| Directions for this task |
Reproduce exactly, with no other output, every line of the data below from the line containing "this 1600×1200 image." to the end, inclusive.

| Records for processing |

[Start of Attachment]

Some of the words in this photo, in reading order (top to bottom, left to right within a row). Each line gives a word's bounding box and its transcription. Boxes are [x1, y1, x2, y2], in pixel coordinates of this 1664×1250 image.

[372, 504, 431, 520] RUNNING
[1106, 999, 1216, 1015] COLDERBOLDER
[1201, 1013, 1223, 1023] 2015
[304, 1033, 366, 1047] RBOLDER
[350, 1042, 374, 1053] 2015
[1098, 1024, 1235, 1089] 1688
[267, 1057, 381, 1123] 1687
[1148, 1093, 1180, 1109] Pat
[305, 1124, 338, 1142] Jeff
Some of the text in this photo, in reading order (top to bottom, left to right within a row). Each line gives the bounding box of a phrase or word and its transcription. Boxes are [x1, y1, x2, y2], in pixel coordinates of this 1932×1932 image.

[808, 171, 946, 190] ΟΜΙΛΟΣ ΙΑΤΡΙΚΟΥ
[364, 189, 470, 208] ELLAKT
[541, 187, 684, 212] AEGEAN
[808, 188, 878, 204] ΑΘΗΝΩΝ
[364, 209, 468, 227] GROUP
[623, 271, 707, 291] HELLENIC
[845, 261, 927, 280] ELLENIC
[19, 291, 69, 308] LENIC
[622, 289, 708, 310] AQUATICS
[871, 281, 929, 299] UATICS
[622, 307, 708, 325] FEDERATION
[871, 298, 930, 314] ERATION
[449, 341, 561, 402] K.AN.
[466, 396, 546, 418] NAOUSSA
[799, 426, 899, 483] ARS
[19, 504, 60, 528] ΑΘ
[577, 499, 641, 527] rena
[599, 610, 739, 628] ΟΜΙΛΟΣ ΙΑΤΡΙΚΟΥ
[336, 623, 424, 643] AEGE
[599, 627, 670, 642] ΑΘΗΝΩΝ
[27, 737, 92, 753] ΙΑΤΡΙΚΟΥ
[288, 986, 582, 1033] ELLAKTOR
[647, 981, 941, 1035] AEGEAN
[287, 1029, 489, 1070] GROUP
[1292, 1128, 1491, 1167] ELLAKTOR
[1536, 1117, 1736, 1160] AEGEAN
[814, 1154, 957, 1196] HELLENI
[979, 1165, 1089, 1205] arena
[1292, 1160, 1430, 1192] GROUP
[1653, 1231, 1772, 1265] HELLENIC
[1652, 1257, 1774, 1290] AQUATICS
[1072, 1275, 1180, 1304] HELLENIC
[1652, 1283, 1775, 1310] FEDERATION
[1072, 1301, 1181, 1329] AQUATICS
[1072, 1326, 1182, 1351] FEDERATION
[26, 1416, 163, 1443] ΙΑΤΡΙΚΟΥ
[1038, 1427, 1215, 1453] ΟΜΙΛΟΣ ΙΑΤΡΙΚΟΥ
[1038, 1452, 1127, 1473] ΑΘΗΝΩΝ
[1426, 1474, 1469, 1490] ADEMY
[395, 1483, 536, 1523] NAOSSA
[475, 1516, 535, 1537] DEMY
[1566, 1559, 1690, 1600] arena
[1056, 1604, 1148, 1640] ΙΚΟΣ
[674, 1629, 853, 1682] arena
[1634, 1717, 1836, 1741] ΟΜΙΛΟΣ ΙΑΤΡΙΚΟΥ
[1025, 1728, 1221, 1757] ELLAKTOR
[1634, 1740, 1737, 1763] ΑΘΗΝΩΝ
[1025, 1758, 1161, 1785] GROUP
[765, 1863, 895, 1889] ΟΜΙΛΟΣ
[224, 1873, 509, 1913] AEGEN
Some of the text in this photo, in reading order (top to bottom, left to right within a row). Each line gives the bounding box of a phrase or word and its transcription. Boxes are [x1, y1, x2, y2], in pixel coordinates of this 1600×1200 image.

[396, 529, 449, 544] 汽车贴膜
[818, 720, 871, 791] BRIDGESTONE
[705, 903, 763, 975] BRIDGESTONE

[End of Attachment]

| Result for this exercise |
Some of the text in this photo, in reading order (top to bottom, left to right within a row). Each line gives the bounding box of a phrase or word and its transcription. Boxes are [x1, y1, x2, y2], in pixel coordinates of this 1600×1200 image.

[396, 529, 449, 544] 汽车贴膜
[818, 720, 871, 791] BRIDGESTONE
[705, 903, 763, 975] BRIDGESTONE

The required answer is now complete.